Thank you so much for publishing Katherine Hughes’s “Criminalizing Compassion in the War on Terror.” The government’s legally convoluted and confusing strategy against Muslim charities seems designed to make those of us outside its net simply throw up our hands in incomprehension and move on to something we can grasp more securely. “This is too complicated for us to deal with,” we say, and walk away, leaving the good people running the charities to the government’s mercy, leaving those they have helped, not to mention their own families, bereft, leaving ourselves vulnerable in our ignorance. I appreciate your making the commitment to feature Katherine Hughes’s presentation of the Dhafir case in all its complexity, in the context of the U.S. devastation of Iraq during and after the first Gulf War, and in its implications for other Muslim charities and for civil liberties in general. She brings clarity and moral vision to an issue that the mainstream media, taking its cues from the government, has irresponsibly obfuscated.

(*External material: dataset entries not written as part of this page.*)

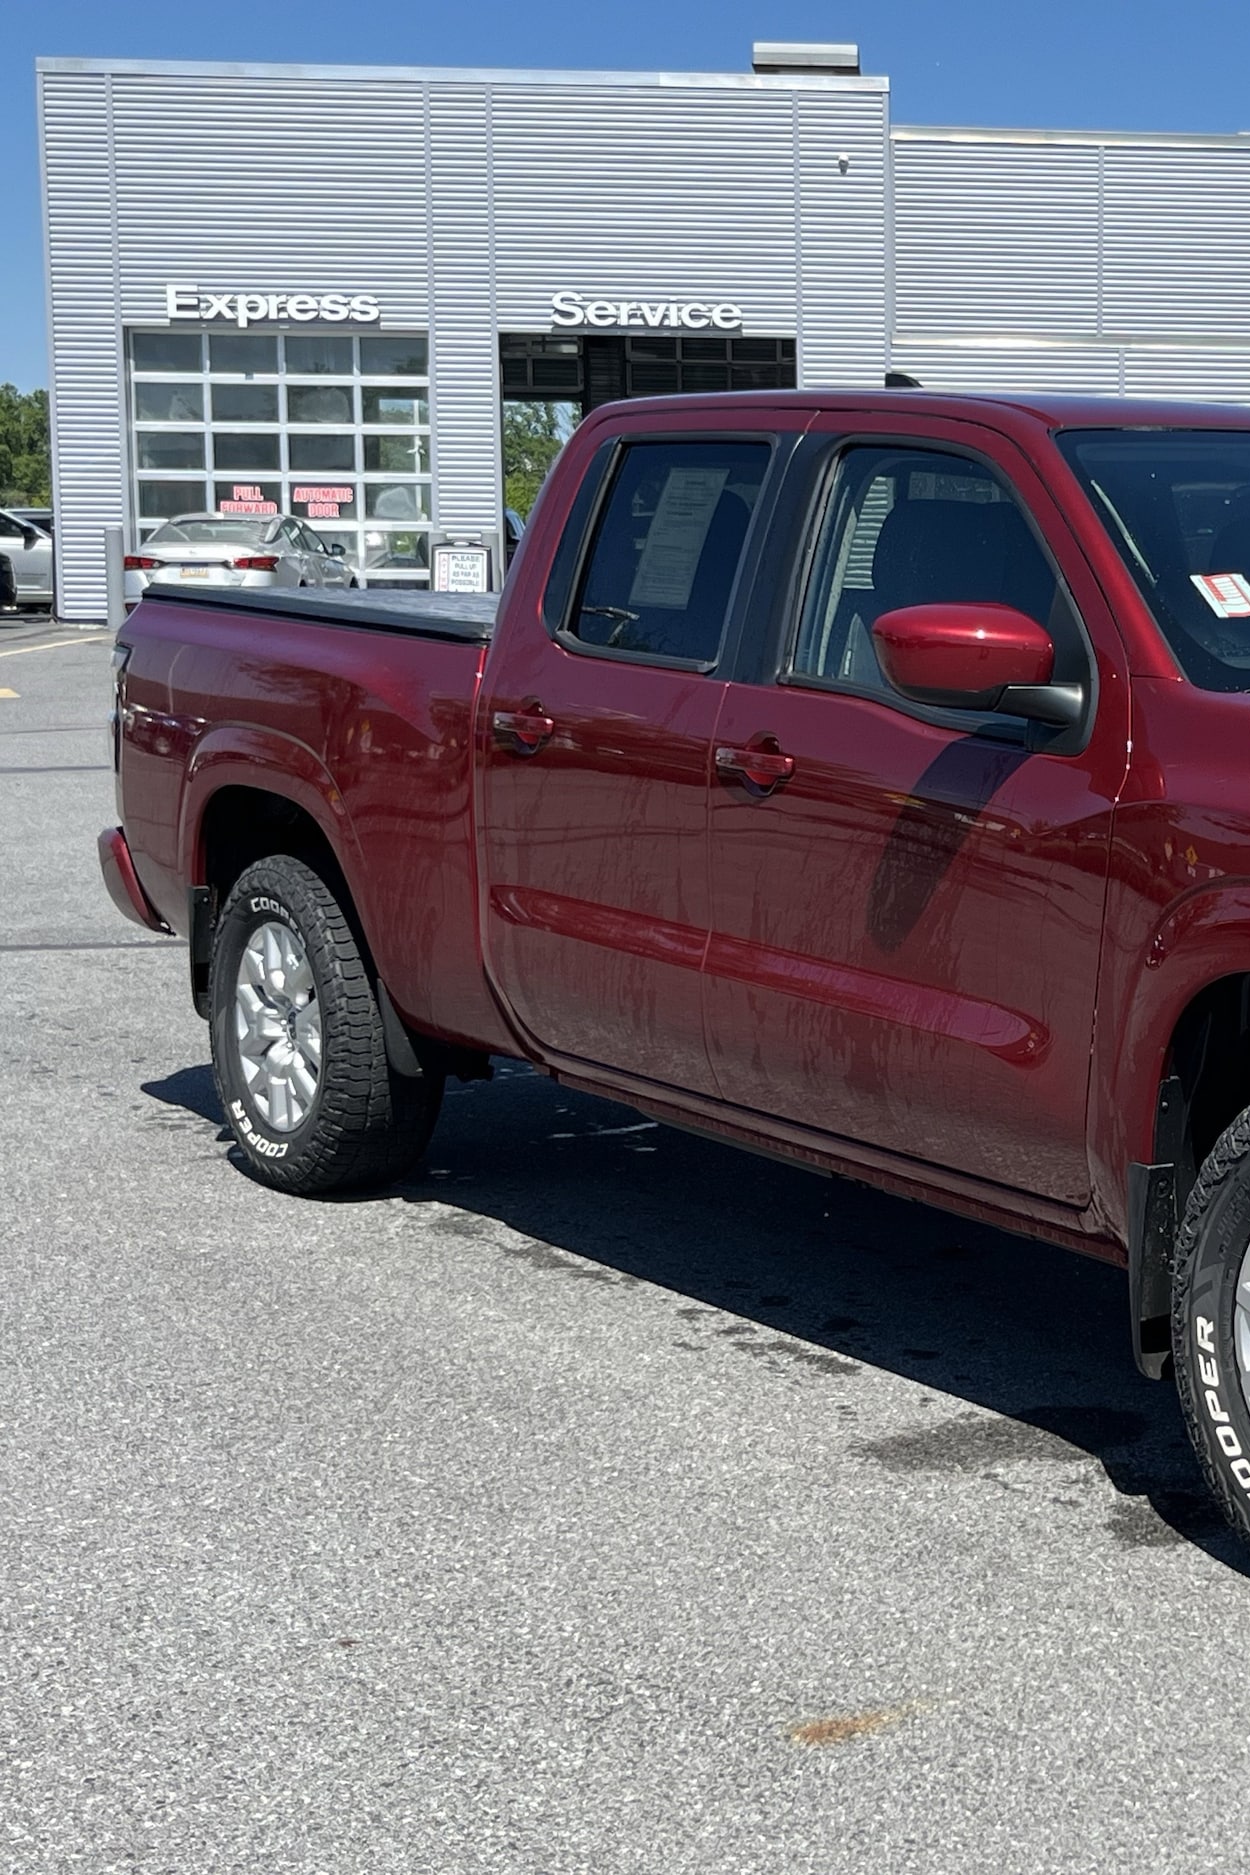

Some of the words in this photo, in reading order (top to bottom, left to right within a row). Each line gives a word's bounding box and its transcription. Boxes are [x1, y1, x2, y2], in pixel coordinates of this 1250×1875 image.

[166, 284, 380, 328] Express
[550, 291, 743, 329] Service
[233, 485, 264, 501] PULL
[293, 487, 353, 502] AUTOMATIC
[220, 501, 278, 515] FORWARD
[308, 503, 340, 517] DOOR
[231, 1098, 289, 1158] COOPER

Thanks also for the wonderful photographs accompanying the article. It brought hope to see the spirited interfaith group supporting Dr. Dhafir during his trial, and it was impressive and heartwarming to see the farm animals Help the Needy had provided to people living on the edge. It was also sad and infuriating to realize that the government has a policy of stopping such aid, not only in Iraq but also in the Occupied Palestinian Territory.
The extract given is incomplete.